Albion College Reviews - Bachelor's in Psychology

4.16 out of 5 stars
(3 Reviews)
  • Albion (MI)
  • Annual Tuition: $45,590
100% of 3 students said this degree improved their career prospects
100% of 3 students said they would recommend this program to others
Find an Online Degree:
GradReports is supported by advertising. Schools that compensate us advertise via school search results. This does not influence our college rankings or our content.

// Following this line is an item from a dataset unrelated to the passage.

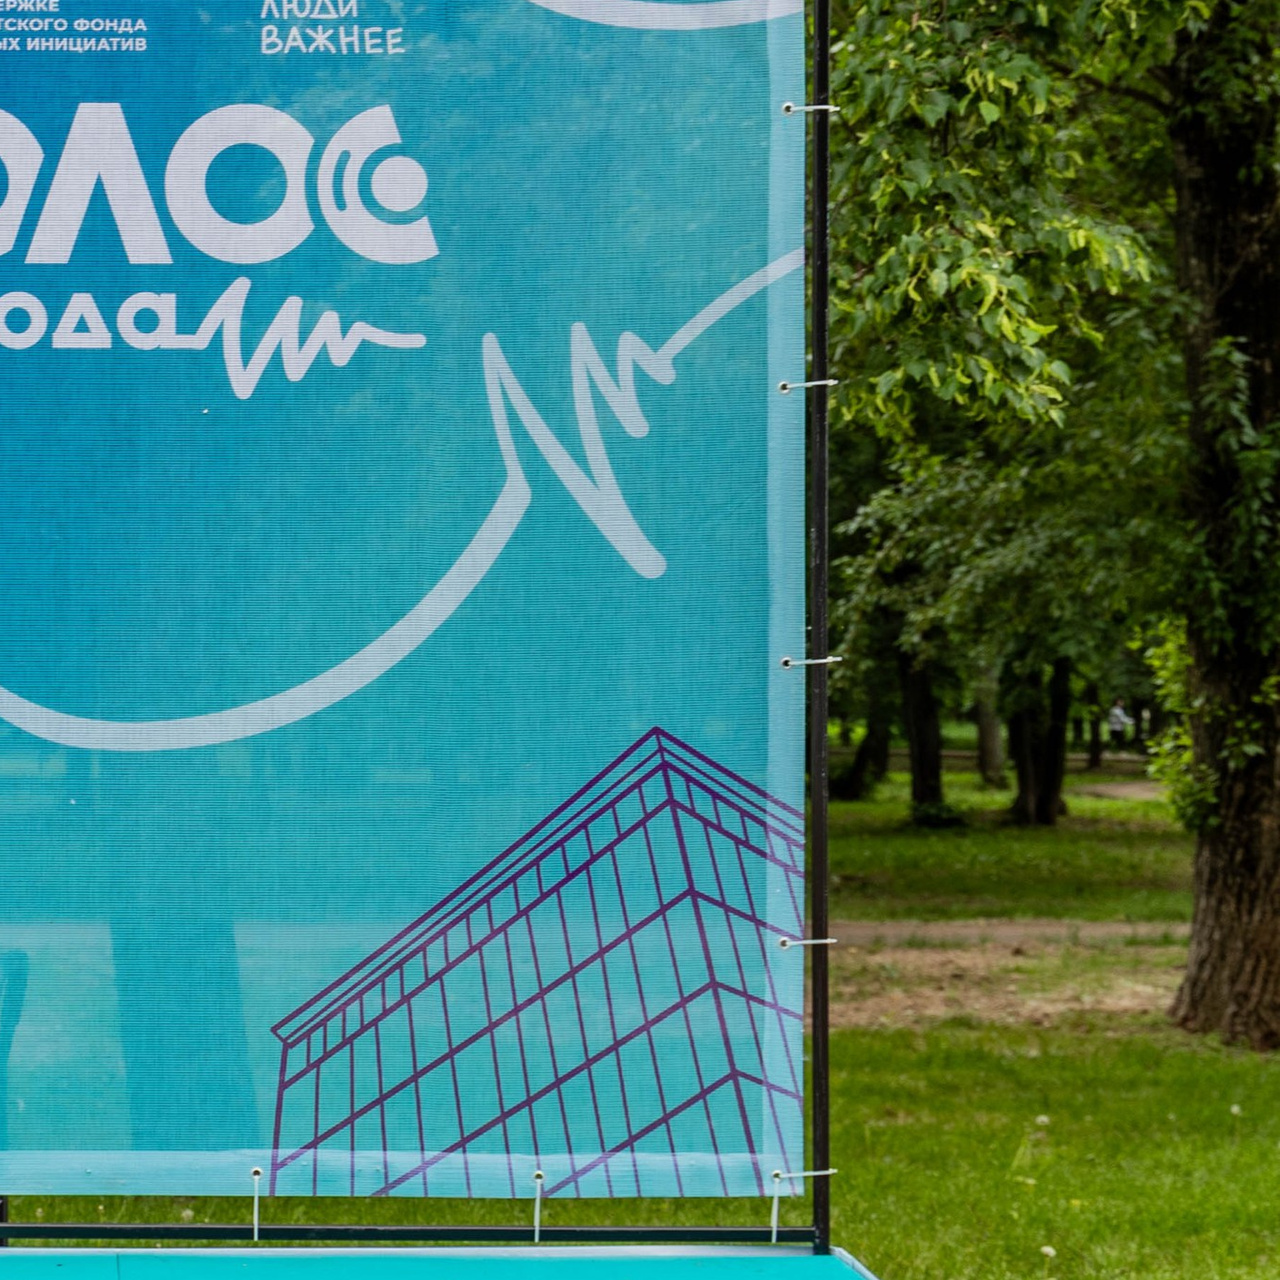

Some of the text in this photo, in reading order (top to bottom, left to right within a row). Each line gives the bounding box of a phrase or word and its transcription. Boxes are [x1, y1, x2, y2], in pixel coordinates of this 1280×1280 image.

[73, 17, 147, 33] ФОНДА
[26, 37, 147, 54] ИНИЦИАТИВ
[260, 24, 406, 55] ВАЖНЕЕ

Student & Graduate Reviews

4.4 out of 5 stars
Hannah Daniels - 7/10/2019
Degree: Psychology
Graduation Year: 2018
"Attending Albion college was easily one of the best decisions I've made thus far. I instantly fell in love with the beautiful campus, the family-like community, and the drive for success that radiated off of everyone. Mostly, though, I felt like I was truly cared about by the professors and advisors. I can honestly say that every single professor wants their students to succeed, and nearly every professor I've had knew my name and career aspirations. I graduated with a degree in psychology, so I speak for this department when I say that everyone was so willing to do whatever they could to ensure I was taking the right classes at the right times, would be prepared for my future, and would either receive a well-paying job, or be admitted into an esteemed graduate school upon graduation."
5.0 out of 5 stars
Brianna Wilkins - 11/30/2017
Degree: Psychology
Graduation Year: 2017
"Albion College is a great school all year round. From the fall football games and marching band practices, to the cold winter walks through the snow sprinkled campus. Professors are always there for you by either a phone call or email away. While the academics may be a little rigorous, it pays off in the long run. The Career and Internship center on campus is always so willing to help you build your resume, work on cover letters, and network through the community and alumni. There is such a variety of clubs and organizations you can join, from table top games to a service fraternity, Albion has it all. I truly value my education that I've received from Albion, and if I had to do it again, I'd pick the same place. There's nothing like the small downtown filled with hundreds of people during the Festive of the Forks, or the Christmas lights hung up around the town during the holidays. It's truly a special place to spend four years of your life. I've made so many connections in the community through my volunteer work, and I'm so thankful for those relationships. Even being away from Albion the past 6 months after graduation and wearing my Albion clothes around, someone has recognized our logo and shouted "Go Brits!" to me. It's like even after we step off of the Quad and enter into the real world, we're still a tight knit community. Albion may also seem more expensive than your local university, but if you have the grades and the need, it's totally affordable. I received great scholarships and institutional gifts which really lowered my cost of attendance. Plus, Albion's Union Board goes on so many cool trips that are FREE, it totally made it worth it. I've been to Cedar Point, a Detroit Tigers game, Chicago, and probably the movies a hundred times, all free."
3.3 out of 5 stars
True North - 11/3/2015
Degree: Psychology
Graduation Year: 2012
"My college was very small, so the community, courses, and culture were very tight-knit and interconnected. Initially I did not like attending a small liberal arts college for this very reason, and I thought that I was missing out on a larger college experience with more opportunities and more anonymity. Further into my college experience I realized I was grateful for a community in which I was known and knew many others. I was part of Greek life and that became a major, albeit temporary part of my identity. I participated in varsity college sports as well as IM leagues and produced many friendships and fond memories through these experiences. I also developed mentor-type relationships with teachers and coaches and even older students (often "brothers") who kept me grounded and helped guide many of my long-term plans. My school became a part of my identity and for four years I even thought of myself as part of the school's identity. When I walked across campus, raced with the school colors on my jersey, or boozed on the porch of my fraternity I was one of the characters living in and shaping the microcosm around me and I felt that my purpose exceeded merely academic pursuits. My small liberal arts college experience prepared me for a larger university experience in graduate school and nurtured me as I assumed challenges and opportunities that I may have otherwise missed by being lost in the crowd."